=== HOW TO COMPLETE THIS TASK ===
Return every line of the data exactly as it stands.

(Free-text object descriptions)
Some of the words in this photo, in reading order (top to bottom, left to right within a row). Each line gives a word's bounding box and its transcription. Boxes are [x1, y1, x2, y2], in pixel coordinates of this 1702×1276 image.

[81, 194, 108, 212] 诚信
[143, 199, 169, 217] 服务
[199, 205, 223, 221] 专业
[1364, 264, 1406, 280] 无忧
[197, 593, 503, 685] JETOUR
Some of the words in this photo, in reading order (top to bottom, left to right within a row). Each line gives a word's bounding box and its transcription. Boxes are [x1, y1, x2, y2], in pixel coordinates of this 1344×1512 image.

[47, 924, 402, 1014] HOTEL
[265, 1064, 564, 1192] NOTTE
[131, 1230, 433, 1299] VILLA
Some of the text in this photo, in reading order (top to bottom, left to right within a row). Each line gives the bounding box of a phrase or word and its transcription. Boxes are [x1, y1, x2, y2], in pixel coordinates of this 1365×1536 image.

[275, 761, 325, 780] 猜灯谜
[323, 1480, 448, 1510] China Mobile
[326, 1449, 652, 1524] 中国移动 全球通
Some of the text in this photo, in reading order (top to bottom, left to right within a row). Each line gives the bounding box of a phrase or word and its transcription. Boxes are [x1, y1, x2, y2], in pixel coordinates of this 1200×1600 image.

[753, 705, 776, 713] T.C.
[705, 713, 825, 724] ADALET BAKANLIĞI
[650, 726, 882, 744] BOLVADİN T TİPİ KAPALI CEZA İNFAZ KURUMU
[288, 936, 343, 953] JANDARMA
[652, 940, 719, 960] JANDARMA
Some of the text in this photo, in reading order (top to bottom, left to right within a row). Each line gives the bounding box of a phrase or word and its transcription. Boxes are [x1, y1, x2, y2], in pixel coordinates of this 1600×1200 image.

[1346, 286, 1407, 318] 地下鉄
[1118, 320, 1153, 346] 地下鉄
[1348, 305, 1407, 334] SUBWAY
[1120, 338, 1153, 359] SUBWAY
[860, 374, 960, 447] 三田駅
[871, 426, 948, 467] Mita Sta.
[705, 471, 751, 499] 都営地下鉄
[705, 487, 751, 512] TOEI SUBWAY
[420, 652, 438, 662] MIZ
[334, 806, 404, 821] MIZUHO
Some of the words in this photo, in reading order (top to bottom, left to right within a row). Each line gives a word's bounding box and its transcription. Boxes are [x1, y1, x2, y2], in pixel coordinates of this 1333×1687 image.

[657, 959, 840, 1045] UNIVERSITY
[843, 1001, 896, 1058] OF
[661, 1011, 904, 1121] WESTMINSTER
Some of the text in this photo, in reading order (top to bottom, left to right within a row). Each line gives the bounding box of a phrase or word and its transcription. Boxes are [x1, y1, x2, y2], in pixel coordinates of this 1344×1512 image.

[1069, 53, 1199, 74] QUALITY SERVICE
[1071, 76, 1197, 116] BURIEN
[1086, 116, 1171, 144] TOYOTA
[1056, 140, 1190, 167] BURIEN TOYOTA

=== ANSWER BELOW ===
Some of the words in this photo, in reading order (top to bottom, left to right within a row). Each line gives a word's bounding box and its transcription. Boxes are [x1, y1, x2, y2], in pixel coordinates of this 1702×1276 image.

[81, 194, 108, 212] 诚信
[143, 199, 169, 217] 服务
[199, 205, 223, 221] 专业
[1364, 264, 1406, 280] 无忧
[197, 593, 503, 685] JETOUR
Some of the words in this photo, in reading order (top to bottom, left to right within a row). Each line gives a word's bounding box and its transcription. Boxes are [x1, y1, x2, y2], in pixel coordinates of this 1344×1512 image.

[47, 924, 402, 1014] HOTEL
[265, 1064, 564, 1192] NOTTE
[131, 1230, 433, 1299] VILLA
Some of the text in this photo, in reading order (top to bottom, left to right within a row). Each line gives the bounding box of a phrase or word and its transcription. Boxes are [x1, y1, x2, y2], in pixel coordinates of this 1365×1536 image.

[275, 761, 325, 780] 猜灯谜
[323, 1480, 448, 1510] China Mobile
[326, 1449, 652, 1524] 中国移动 全球通
Some of the text in this photo, in reading order (top to bottom, left to right within a row). Each line gives the bounding box of a phrase or word and its transcription. Boxes are [x1, y1, x2, y2], in pixel coordinates of this 1200×1600 image.

[753, 705, 776, 713] T.C.
[705, 713, 825, 724] ADALET BAKANLIĞI
[650, 726, 882, 744] BOLVADİN T TİPİ KAPALI CEZA İNFAZ KURUMU
[288, 936, 343, 953] JANDARMA
[652, 940, 719, 960] JANDARMA
Some of the text in this photo, in reading order (top to bottom, left to right within a row). Each line gives the bounding box of a phrase or word and its transcription. Boxes are [x1, y1, x2, y2], in pixel coordinates of this 1600×1200 image.

[1346, 286, 1407, 318] 地下鉄
[1118, 320, 1153, 346] 地下鉄
[1348, 305, 1407, 334] SUBWAY
[1120, 338, 1153, 359] SUBWAY
[860, 374, 960, 447] 三田駅
[871, 426, 948, 467] Mita Sta.
[705, 471, 751, 499] 都営地下鉄
[705, 487, 751, 512] TOEI SUBWAY
[420, 652, 438, 662] MIZ
[334, 806, 404, 821] MIZUHO
Some of the words in this photo, in reading order (top to bottom, left to right within a row). Each line gives a word's bounding box and its transcription. Boxes are [x1, y1, x2, y2], in pixel coordinates of this 1333×1687 image.

[657, 959, 840, 1045] UNIVERSITY
[843, 1001, 896, 1058] OF
[661, 1011, 904, 1121] WESTMINSTER
Some of the text in this photo, in reading order (top to bottom, left to right within a row). Each line gives the bounding box of a phrase or word and its transcription. Boxes are [x1, y1, x2, y2], in pixel coordinates of this 1344×1512 image.

[1069, 53, 1199, 74] QUALITY SERVICE
[1071, 76, 1197, 116] BURIEN
[1086, 116, 1171, 144] TOYOTA
[1056, 140, 1190, 167] BURIEN TOYOTA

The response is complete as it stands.